Estos excepcionales escaparates eran para los niños del pueblo la 'repanocha', el 'despipote', el no va más.
En
aquellos tiempos nuestras familias tenían decenas de preocupaciones, que no incluían ni la obesidad ni las caries infantiles. La primera era un
problema casi inexistente puesto que el aporte calórico que obtenían nuestros infantiles cuerpos serranos apenas alcanzaba las recomendaciones que hoy prescriben las dietas
ideales. Sin embargo, existían, y muy abundantemente, las caries. Estoy seguro que
no tenían relación alguna con el consumo de azúcar y sus derivados, que escaseaban. No dispongo
de datos, pero es más que probable que fuesen consecuencia de la nula higiene
bucodental existente, porque raras eran las casas en que había pasta y cepillo
de dientes. Por otro lado, las visitas al dentista se limitaban a
solucionar infecciones graves de la dentadura, que generalmente concluían con
la extracción de alguna pieza, que muy excepcionalmente se reponía.
Hoy
en día, la sociedad de la opulencia ha permeabilizado todos los rincones:
también los pequeños pueblos, como el mío. Y, mira por donde, pese al brutal
flujo migratorio que ha sufrido en los últimos cincuenta años, es justamente un
nieto del tío Sabater quien tiene la exclusiva del suministro de chuches.

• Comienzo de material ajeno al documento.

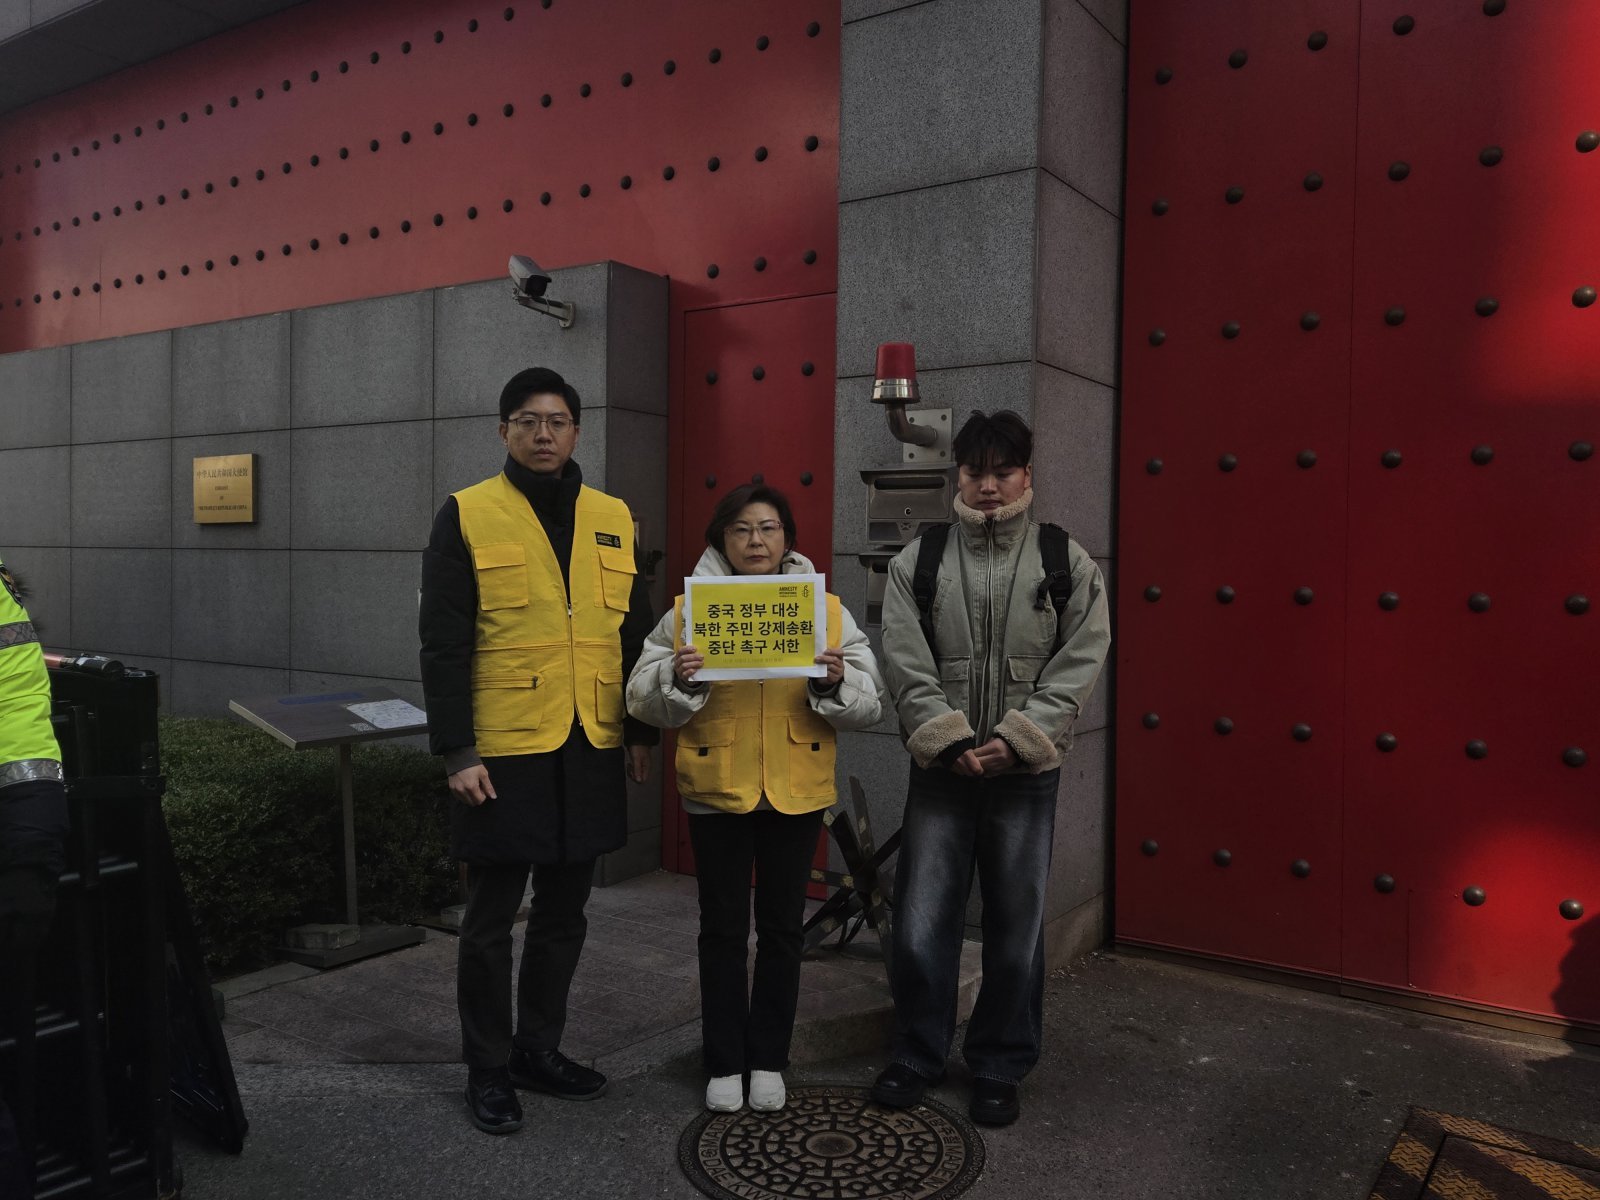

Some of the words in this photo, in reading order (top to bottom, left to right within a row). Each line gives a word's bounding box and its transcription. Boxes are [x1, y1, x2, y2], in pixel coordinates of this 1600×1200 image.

[707, 604, 735, 619] 중국
[740, 603, 767, 618] 정부
[772, 602, 799, 618] 대상
[694, 622, 722, 637] 북한
[726, 622, 753, 636] 주민
[758, 620, 813, 636] 강제송환
[708, 640, 735, 655] 중단
[740, 639, 767, 654] 촉구
[773, 638, 800, 653] 서한

Evidentemente, la suya es una versión moderna y customizada del negocio de su abuelo, que no desmerece de cualquier
kiosko o tienda de chucherías de ciudad o de las que acoge cualquier otra población mayor. Juan
Carlos, que así se llama el comerciante, lleva en su ADN los genes del emprendedurismo, de la capacidad para promover una particular tipología de negocio, con vigencia casi secular, que facilita
a niños y mayores, a hijos y padres, a lugareños y visitantes, las chuches,
los juguetes y las cosas que necesitan, sean las que sean y estén donde estén.
Con
una diligencia y eficiencia asombrosas,
Juan Carlos es capaz de poner en el pueblo, al alcance de cualquiera, el
artilugio más inverosímil que pueda imaginarse. Tiene en su kiosko Silvia –que es
el nombre de su esposa– cuanto imaginarse pueda: las chuches más sofisticadas, los
congelados y 'delicatessen' que apetezcan, los vídeos que no se encuentran, el
desatascador de tuberías que estás años buscando, las flores para poner en el
cementerio que olvidaste traer, unos tomates acabados de recolectar a precio de
amigo, el último gel comercializado por Legrain, Revlon o Sanex. Y si no lo tiene, lo busca, lo encuentra y lo pone a tu
disposición en veinticuatro horas. Y, por si te aprieta la necesidad, tiene en
el frontispicio de su kiosko, que es a la vez su casa, un dispensador de snacks y bebidas frescas durante las ocho
o diez horas diarias que permanece cerrado. Además, ofrece servicio de cajero
automático, vende loterías, acepta pagos a través de tarjeta de crédito. ¿Se
puede pedir más en las puertas de la Serranía y en los tiempos que corren?
Sinceramente, creo que no. Es más, no sé si con él acabará la especie. El tiempo,
que es casi la única sabiduría que conozco, lo dirá.